Давно это было. Сколько знакомых и близких, с которыми встречался в России… А теперь – многих уже нет, некоторые исчезли в далеких краях: кое-кого вижу до сих пор такими же, неизменившимися… А некоторые…
В двадцать девятом году, девять лет спустя после этого стояния на двенадцати Евангелиях, случайно узнал, что Николай Павлович уехал в Москву.
Я не видел его уже с двадцать пятого. Не знаю, что побудило… Тоска ли по родине? Нищета? Или родственники, оставшиеся за жутким рубежом, убедили в своих письмах, что все хорошо, что жить можно?
Как странно. Был таким крепким, устойчивым. Ненавидел насилие. С юношеских лет верил в свободу, как в высшее благо. И вдруг ушел добровольно к насильникам, сдался на милость отрицающих проблески гражданских свобод. А ведь как в церкви хмуро было его лицо при словах «Распни Его». И как страдальчески переживал он повествование о предательстве: «Итак Иуда, взяв отряд воинов и служителей от первосвященников и фарисеев, приходит туда с фонарями и светильниками и оружием»…

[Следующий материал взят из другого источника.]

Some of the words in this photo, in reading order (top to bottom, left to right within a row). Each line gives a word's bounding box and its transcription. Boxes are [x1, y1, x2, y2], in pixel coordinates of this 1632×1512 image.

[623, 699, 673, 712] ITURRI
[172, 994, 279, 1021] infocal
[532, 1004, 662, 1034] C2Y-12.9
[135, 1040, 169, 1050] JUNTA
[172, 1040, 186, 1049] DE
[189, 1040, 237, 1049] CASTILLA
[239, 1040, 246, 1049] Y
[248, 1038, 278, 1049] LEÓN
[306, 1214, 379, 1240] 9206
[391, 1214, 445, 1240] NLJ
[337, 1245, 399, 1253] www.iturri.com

Помню я: бережно нес Николай Павлович свою свечу. Легкий порыв ветра приводил его в беспокойство. Из кармана пальто вытащил клочок бумаги, чтобы оградить им огонь. И каким торжествующим голосом ответил мне тогда:
– Донес.
Что же случилось? Сам задул? Или налетел вихрь, склонилось пламя, лизнуло судорожно сжатые пальцы… И погасло?
Да, увы. Не донес.
А с Иваном Степановичем до сих пор встречаюсь в Париже. Он никуда не уехал, продолжает оставаться в ряду эмигрантов, работает в качестве шофера такси, состоит членом некоторых организаций. Но как изменился со времени первого стояния на двенадцати Евангелиях за границей!
Не узнать человека.
Во время забастовки ходил в комитет, где под портретом Ленина выдавали пособие. На собраниях всегда выступает с заявлениями, что советская власть – национальная власть, что путь Сталина – путь России, что советы – прекрасная организация. И часто, громя интервенцию, вспоминает он Евангелие и говорит, что чуждые злобные воины желают разделить между собой ризы России.
Ах, бедняга! Неужели не помнит, как мы тогда, давно, стояли рядом, держа свечи в руках? Неужели забыл, что главное в Страстях Господних вовсе не разделение риз, а само умерщвление Христа? Почему такое преувеличенное внимание к ризам, такое равнодушие к самому факту Распятия?
Смотрю я на Ивана Степановича в эти моменты, слушаю, как отрекается от белого движения, в котором проявил столько доблести, и грустно думаю:
Ох, сильно колеблется его свеча! Ох, дует негодный ветер! Донесет ли? Удастся ли? Или окончательно погаснет огонь?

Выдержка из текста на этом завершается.